3D Printing Technology

Megan Veltri

mfv7@txstate.edu

Introduction

During the Fall 2014 semester I completed an internship with the Forensic

Anthropology Center at Texas State (FACTS). This internship included human rights

work with Operation Identification (Operation ID) and work with a newly implemented

3D Printer. Although these two aspects of my internship differed, both projects were

sometimes used together. For example, CT scans of Operation ID individuals are

currently being used to create 3D Prints. In this internship report I will discuss the

applications of human rights work and 3D Printing technology in Anthropology and the

experiences that I had during my internship. I will also discuss the relevance of 3D

printing technology used in Operation Identification.

FACTS and Operation Identification

The Forensic Anthropology Center at Texas State is a research facility located in

San Marcos, Texas. Research at FACTS includes faculty and student lead investigation in

human decomposition processes, human skeletal variation, forensic osteological methods,

and the postmortem interval. Individuals donate themselves or their deceased family

members to FACTS through a willed-body donation program. When a donation is

received it is placed at the Forensic Anthropology Research Facility (FARF), one of three

laboratories in association with FACTS. Here, donations are placed to decompose and

track rates of decay. When a donation has completed the decomposition process, the

 

 

remains are inventoried and transported from FARF to the Osteology Research and

Processing Lab (ORPL). ORPL contains a multi-purpose classroom and the processing

laboratory. The processing room is where donations are taken to further remove tissue

from bones and clean the remains for curation. Willed-body donations are not the only

remains being processed at ORPL, however.

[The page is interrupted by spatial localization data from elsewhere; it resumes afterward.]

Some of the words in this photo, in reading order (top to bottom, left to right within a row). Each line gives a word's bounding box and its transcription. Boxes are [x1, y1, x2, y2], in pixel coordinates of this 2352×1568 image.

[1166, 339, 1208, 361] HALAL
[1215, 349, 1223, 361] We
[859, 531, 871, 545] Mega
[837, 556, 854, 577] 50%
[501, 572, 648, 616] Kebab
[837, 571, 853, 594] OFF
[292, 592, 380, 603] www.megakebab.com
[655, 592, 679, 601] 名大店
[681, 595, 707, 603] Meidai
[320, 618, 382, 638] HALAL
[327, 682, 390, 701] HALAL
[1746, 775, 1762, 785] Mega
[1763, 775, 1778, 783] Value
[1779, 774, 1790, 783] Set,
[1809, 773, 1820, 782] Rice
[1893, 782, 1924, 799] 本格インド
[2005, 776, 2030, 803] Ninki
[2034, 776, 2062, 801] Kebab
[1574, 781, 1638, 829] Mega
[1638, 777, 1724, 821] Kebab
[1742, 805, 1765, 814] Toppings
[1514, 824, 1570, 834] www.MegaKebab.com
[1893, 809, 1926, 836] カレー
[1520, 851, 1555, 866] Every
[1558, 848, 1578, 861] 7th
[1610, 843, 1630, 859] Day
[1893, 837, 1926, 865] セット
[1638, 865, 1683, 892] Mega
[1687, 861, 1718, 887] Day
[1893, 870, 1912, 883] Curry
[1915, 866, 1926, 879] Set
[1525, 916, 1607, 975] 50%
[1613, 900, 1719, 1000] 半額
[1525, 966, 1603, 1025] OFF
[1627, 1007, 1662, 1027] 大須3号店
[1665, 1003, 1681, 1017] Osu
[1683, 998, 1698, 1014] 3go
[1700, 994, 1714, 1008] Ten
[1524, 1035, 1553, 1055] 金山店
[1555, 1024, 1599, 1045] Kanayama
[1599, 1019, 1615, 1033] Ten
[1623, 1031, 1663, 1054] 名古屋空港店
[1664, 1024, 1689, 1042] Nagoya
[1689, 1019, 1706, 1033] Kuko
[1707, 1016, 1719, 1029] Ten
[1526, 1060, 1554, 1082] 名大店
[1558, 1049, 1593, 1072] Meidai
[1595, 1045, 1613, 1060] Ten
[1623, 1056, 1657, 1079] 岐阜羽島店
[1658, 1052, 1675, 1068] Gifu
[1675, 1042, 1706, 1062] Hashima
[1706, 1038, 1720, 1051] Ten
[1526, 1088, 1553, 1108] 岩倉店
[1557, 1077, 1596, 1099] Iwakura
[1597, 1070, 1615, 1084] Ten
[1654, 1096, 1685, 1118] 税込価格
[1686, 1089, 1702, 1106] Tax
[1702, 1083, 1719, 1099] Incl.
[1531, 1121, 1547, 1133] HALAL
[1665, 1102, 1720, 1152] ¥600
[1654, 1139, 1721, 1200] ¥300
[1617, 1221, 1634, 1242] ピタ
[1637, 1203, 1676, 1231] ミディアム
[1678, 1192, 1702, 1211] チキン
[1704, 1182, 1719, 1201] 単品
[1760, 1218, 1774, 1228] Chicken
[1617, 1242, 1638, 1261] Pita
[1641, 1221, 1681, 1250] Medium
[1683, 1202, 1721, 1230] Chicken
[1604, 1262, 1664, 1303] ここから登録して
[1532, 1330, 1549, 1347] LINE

In 2011, FACTS faculty member Dr. Kate Spradley began collaborating with

other forensic anthropologists from universities throughout Texas. This project called

Operation ID, aims to identify the remains of migrants found in Brooks County. Brooks

County encompasses Falfurrias, Texas and is located close to the Texas-Mexico border.

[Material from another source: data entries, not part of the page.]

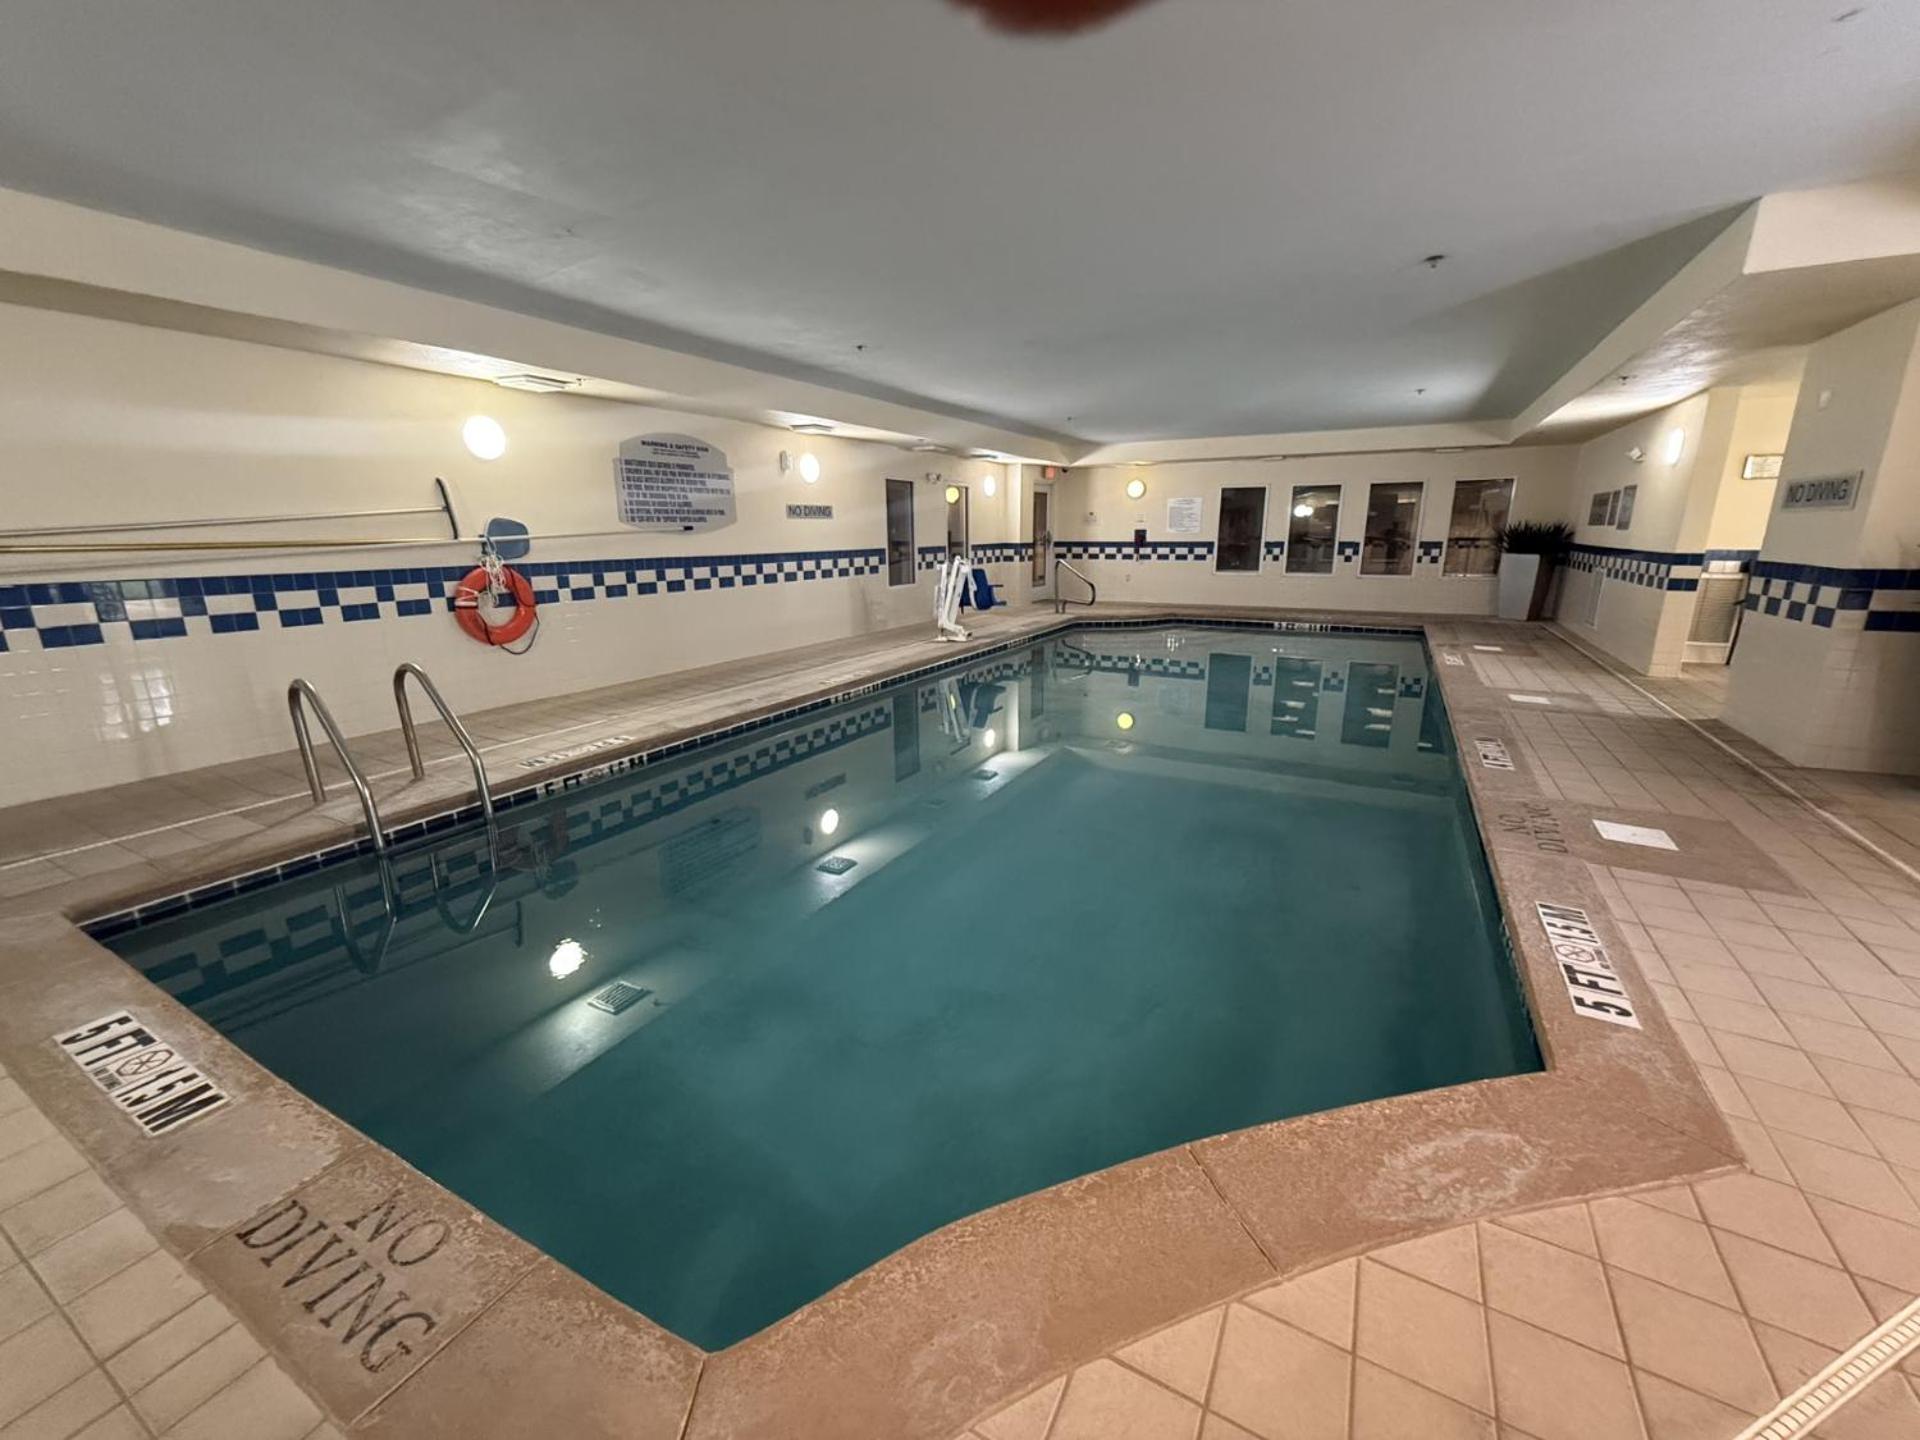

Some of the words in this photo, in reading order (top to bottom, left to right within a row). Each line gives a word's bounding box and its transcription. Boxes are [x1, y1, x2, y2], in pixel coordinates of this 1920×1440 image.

[1787, 484, 1803, 503] NO
[1806, 479, 1849, 502] DIVING
[787, 504, 802, 517] NO
[803, 504, 832, 517] DIVING
[1498, 813, 1532, 836] NO
[1562, 963, 1624, 996] FT
[1573, 995, 1633, 1018] 5
[61, 1015, 133, 1046] 5
[75, 1027, 157, 1067] FT
[346, 1186, 453, 1268] NO
[236, 1198, 437, 1374] DIVING

The majority of these remains are unidentified, with bodies buried in unmarked graves in

border towns like Falfurrias. Brooks County receives no federal funding to assist with the

identification of these individuals. Without funding, Brooks County is unable to properly

archive the mass amount of remains they receive. Since the first exhumation of unmarked

graves in Falfurrias in 2011, Brooks County now sends all immigrant remains directly to

ORPL along with personal effects of the individuals. These remains are left at FARF

until they can be processed at ORPL. After processing they are catalogued, inventoried,

and uploaded to missing person’s databases. It was my job under Dr. Spradley to hand

wash the personal effects of these individuals, which included but was not limited to

clothing, personal photographs, identification cards, money, prayer cards, medicine, and

other personal items. The hopes of Operation ID are to identify immigrants and return the

remains to their families.

Many individuals cross the border for different reasons. The main patterns in

immigration are consequences of poverty and high unemployment rates (Datta 2004).

 

 

With drug cartels in Mexico implementing fear or death to citizens, many travel to

America in hopes of relief from this distress. Most immigrants do not plan on staying

indefinitely (Castle 2002). For some, the main goal is to work, save their money, and

return home. In recent years, immigration laws in the United States have become stricter,

allowing less leeway for individuals who are crossing illegally. Current immigration

laws in the United States affect immigration patterns and conversely the amount of

immigrants crossing the border (Meyers 2000).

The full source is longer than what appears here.